▶ [Task statement] Output the data that follows exactly, line for line.

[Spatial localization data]
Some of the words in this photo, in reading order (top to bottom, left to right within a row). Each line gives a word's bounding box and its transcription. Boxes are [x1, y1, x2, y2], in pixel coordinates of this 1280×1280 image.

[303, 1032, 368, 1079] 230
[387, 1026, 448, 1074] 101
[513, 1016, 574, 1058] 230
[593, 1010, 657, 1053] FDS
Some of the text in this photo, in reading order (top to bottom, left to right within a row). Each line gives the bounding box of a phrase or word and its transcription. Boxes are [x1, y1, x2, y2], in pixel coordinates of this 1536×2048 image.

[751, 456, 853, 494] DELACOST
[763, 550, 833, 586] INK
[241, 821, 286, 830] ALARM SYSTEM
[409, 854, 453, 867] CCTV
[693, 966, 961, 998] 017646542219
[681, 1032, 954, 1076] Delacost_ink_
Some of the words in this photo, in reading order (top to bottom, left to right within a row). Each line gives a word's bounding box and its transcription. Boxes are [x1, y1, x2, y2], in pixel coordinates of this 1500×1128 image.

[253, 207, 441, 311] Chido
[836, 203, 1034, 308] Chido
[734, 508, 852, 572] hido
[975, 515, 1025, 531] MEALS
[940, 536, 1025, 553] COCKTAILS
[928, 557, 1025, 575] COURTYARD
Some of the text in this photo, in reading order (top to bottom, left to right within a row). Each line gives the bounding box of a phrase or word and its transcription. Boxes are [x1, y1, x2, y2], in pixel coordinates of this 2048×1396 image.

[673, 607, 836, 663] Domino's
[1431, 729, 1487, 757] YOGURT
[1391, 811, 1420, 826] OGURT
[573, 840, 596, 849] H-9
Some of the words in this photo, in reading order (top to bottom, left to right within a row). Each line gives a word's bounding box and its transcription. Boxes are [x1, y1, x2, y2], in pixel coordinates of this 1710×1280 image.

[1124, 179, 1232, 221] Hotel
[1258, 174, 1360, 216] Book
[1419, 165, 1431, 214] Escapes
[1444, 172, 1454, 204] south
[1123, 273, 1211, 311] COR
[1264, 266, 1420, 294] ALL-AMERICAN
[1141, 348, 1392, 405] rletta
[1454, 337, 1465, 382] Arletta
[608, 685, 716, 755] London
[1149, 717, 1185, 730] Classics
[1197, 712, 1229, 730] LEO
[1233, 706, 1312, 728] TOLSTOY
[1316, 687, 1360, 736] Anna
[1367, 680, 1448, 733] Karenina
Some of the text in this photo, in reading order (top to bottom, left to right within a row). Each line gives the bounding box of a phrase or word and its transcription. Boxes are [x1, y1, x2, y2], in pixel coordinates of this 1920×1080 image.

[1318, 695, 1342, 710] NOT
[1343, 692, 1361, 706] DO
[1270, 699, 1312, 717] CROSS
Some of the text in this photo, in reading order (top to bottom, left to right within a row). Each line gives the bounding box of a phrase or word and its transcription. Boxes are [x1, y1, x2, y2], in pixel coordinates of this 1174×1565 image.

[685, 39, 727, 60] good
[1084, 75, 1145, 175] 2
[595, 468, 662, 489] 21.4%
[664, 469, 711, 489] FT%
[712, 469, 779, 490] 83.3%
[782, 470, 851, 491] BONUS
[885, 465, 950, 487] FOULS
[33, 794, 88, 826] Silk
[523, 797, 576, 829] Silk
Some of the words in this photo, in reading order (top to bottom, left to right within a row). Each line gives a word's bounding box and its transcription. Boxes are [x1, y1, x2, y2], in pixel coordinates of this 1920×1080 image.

▶ [Result of the task]
Some of the words in this photo, in reading order (top to bottom, left to right within a row). Each line gives a word's bounding box and its transcription. Boxes are [x1, y1, x2, y2], in pixel coordinates of this 1280×1280 image.

[303, 1032, 368, 1079] 230
[387, 1026, 448, 1074] 101
[513, 1016, 574, 1058] 230
[593, 1010, 657, 1053] FDS
Some of the text in this photo, in reading order (top to bottom, left to right within a row). Each line gives the bounding box of a phrase or word and its transcription. Boxes are [x1, y1, x2, y2], in pixel coordinates of this 1536×2048 image.

[751, 456, 853, 494] DELACOST
[763, 550, 833, 586] INK
[241, 821, 286, 830] ALARM SYSTEM
[409, 854, 453, 867] CCTV
[693, 966, 961, 998] 017646542219
[681, 1032, 954, 1076] Delacost_ink_
Some of the words in this photo, in reading order (top to bottom, left to right within a row). Each line gives a word's bounding box and its transcription. Boxes are [x1, y1, x2, y2], in pixel coordinates of this 1500×1128 image.

[253, 207, 441, 311] Chido
[836, 203, 1034, 308] Chido
[734, 508, 852, 572] hido
[975, 515, 1025, 531] MEALS
[940, 536, 1025, 553] COCKTAILS
[928, 557, 1025, 575] COURTYARD
Some of the text in this photo, in reading order (top to bottom, left to right within a row). Each line gives the bounding box of a phrase or word and its transcription. Boxes are [x1, y1, x2, y2], in pixel coordinates of this 2048×1396 image.

[673, 607, 836, 663] Domino's
[1431, 729, 1487, 757] YOGURT
[1391, 811, 1420, 826] OGURT
[573, 840, 596, 849] H-9
Some of the words in this photo, in reading order (top to bottom, left to right within a row). Each line gives a word's bounding box and its transcription. Boxes are [x1, y1, x2, y2], in pixel coordinates of this 1710×1280 image.

[1124, 179, 1232, 221] Hotel
[1258, 174, 1360, 216] Book
[1419, 165, 1431, 214] Escapes
[1444, 172, 1454, 204] south
[1123, 273, 1211, 311] COR
[1264, 266, 1420, 294] ALL-AMERICAN
[1141, 348, 1392, 405] rletta
[1454, 337, 1465, 382] Arletta
[608, 685, 716, 755] London
[1149, 717, 1185, 730] Classics
[1197, 712, 1229, 730] LEO
[1233, 706, 1312, 728] TOLSTOY
[1316, 687, 1360, 736] Anna
[1367, 680, 1448, 733] Karenina
Some of the text in this photo, in reading order (top to bottom, left to right within a row). Each line gives the bounding box of a phrase or word and its transcription. Boxes are [x1, y1, x2, y2], in pixel coordinates of this 1920×1080 image.

[1318, 695, 1342, 710] NOT
[1343, 692, 1361, 706] DO
[1270, 699, 1312, 717] CROSS
Some of the text in this photo, in reading order (top to bottom, left to right within a row). Each line gives the bounding box of a phrase or word and its transcription. Boxes are [x1, y1, x2, y2], in pixel coordinates of this 1174×1565 image.

[685, 39, 727, 60] good
[1084, 75, 1145, 175] 2
[595, 468, 662, 489] 21.4%
[664, 469, 711, 489] FT%
[712, 469, 779, 490] 83.3%
[782, 470, 851, 491] BONUS
[885, 465, 950, 487] FOULS
[33, 794, 88, 826] Silk
[523, 797, 576, 829] Silk
Some of the words in this photo, in reading order (top to bottom, left to right within a row). Each line gives a word's bounding box and its transcription. Boxes are [x1, y1, x2, y2], in pixel coordinates of this 1920×1080 image.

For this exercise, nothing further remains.